By Jock Anderson
- Name
- James Robert (James) Elliott
- Born
- Auckland.
- Age
- 50 on 31 October 2014.
- Entry to law
- Graduated BA, LLB at Auckland University in 1987, LLM at Cambridge University in 1990. Admitted to the bar in 1990.
- Workplace
- Mediaworks Holdings Ltd, Auckland.
- Speciality area
- In-house counsel responsible for contracts for television and radio programming, content supply, partnerships, brand funding, sponsorship and marketing.

Chatting for an hour to in-house lawyer and professional stand-up comedian James Elliott – without him cracking a joke – should be enough to bring the house down.
He may not have a high profile in legal circles but as a comedian, MC, columnist, radio commentator and gag writer James has a wide following – from entertaining heavily armed troops in East Timor to helping legal living legend Bernard Brown pose quiz questions.
“As a little guy at boarding school (Kings College in Auckland) my defence was to make the bully laugh then run away…”
After Auckland law school, spells with Simpson Grierson and Russell McVeagh, and dropping himself into the world of comedy, James joined Bell Gully as the oldest junior in their corporate team.
In between he learned to punt, play croquet and Royal tennis at Cambridge University’s Charles Darwin College as well as picking up his master’s degree, while his then wife, lawyer Tracey Walker (he’s now married to lawyer Rachel Colley), got her masters at London University.
“I did debating at school, went in for speech competitions and mooting at university. I saw myself as an advocate getting into litigation, but never got the chance to be up in the front row.”
After Bell Gully he did three years as in-house lawyer with media company APN (publishers of the New Zealand Herald), followed by seven months with Coca-Cola Amatil, before joining MediaWorks in June 2012.
[Think sorting contracts for The Block and X Factor].
“Comedy seriously happened after I came back from the UK in the early 90s.”
“I rang up the Classic Comedy Club in Auckland and gave it a go on beginners’ night. No audition, just four to seven minutes stand-up. I got a good response and they told me to come back and do it better.”
“Comedy was an emotional bungy jump. I was doing a bit of MC-ing at weddings and the like but this was random.
“I prefer stand-up … there is no safety net and it is the hardest, purest form of any public speaking you can do.
“A high rate of GPM (gags per minute) wins the audience and laughter is the only measure of success.

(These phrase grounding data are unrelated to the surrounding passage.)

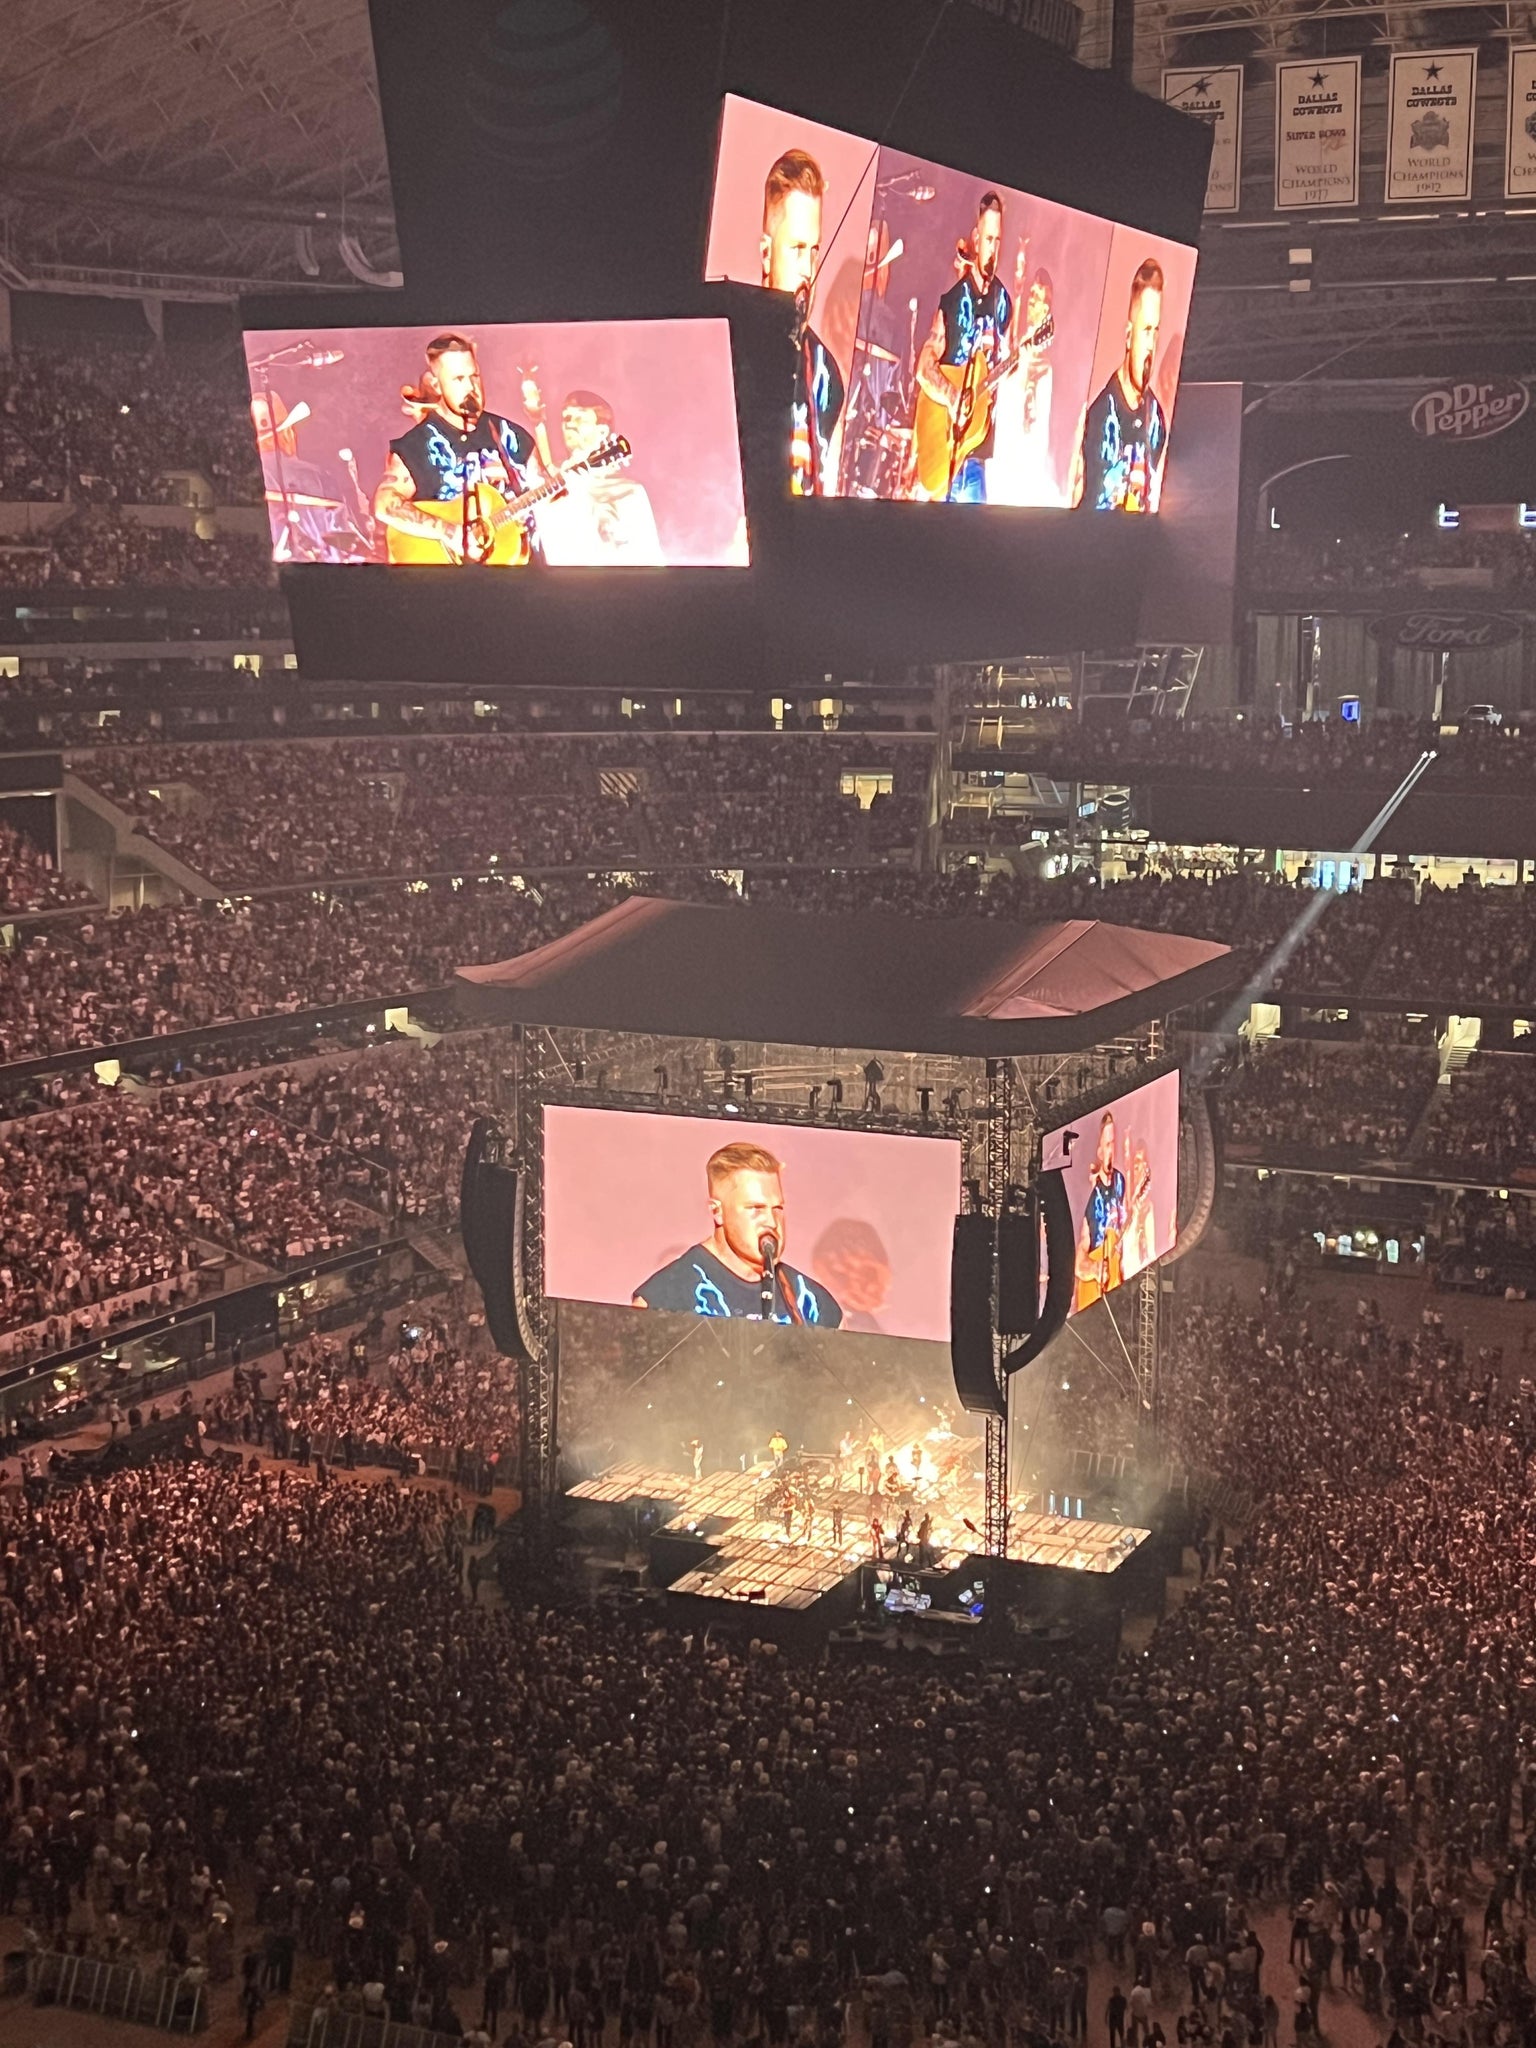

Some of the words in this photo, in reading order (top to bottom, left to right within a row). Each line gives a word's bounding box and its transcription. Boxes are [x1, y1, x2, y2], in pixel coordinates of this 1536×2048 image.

[1412, 85, 1453, 96] DALLAS
[1297, 93, 1338, 104] DALLAS
[1408, 157, 1451, 168] WORLD
[1295, 164, 1338, 175] WORLD
[1393, 170, 1464, 182] CHAMPIONS
[1281, 176, 1351, 189] CHAMPIONS
[1453, 383, 1493, 411] Dr
[1419, 391, 1521, 436] Pepper
[1400, 614, 1492, 644] Ford

“Hecklers can be useful, provided they aren’t drunk. You can work as a team off a heckler. The worst reaction is when the audience don’t care - at least a heckler cares and, no, I haven’t planted one in the audience.”
Now a regular performer at the Comedy Club for more than ten years, the Club’s profile says James brings his “off-beat observational wit to subjects large and small. But mainly it’s frustrated musing of a middle-aged white guy muddling his way through the new millennium with all the passion and presence of an enraged hamster.”
James writes his material out in detail but does not follow notes. “I’m precision focused … It’s the legal thing - word order and choice of words matter to me…”
“You develop wordsmith skills from law, the meaning of language and the precision that comes with it, but I don’t have a stream of legal jokes.”
“Writing for TV3 comedy game show 7 Days, people are not all that interested in legal jokes…”
His corporate performances are different to stand-up.
“It’s important to be topical with a corporate audience, and do material about the paying client. With Fonterra it’s milk jokes … for Mike Pero it’s a monologue about mortgage broking … they love it.”
“I grew up watching Morecombe and Wise and the Two Ronnies.”
“My solo stand-up heroes are Eddie Izzard - who has a surreal comedy intellect, breadth of material, incredibly broad reference material - and the well-read and learned Bill Bailey.”
“I don’t do profanity. Early on, comedy godfather Mike King told me off for swearing too much and said I was too good for that. There are times when profanity is right, but it’s finding a balance.”
James and Mike King organised concerts with other entertainers and comedians, including the late Ewen Gilmour, for New Zealand and United Nations troops in East Timor in 2000 – an experience he says is the pinnacle of his career.
It wasn’t long after Kiwi soldier Leonard Manning was killed in an ambush and tensions were running high.
“Our audiences were sitting there in full battle dress, with rifles at the ready, guys coming and going on patrol … At one performance the stage was on a stack of live ammo boxes … It was an amazing experience seeing the work of our troops.”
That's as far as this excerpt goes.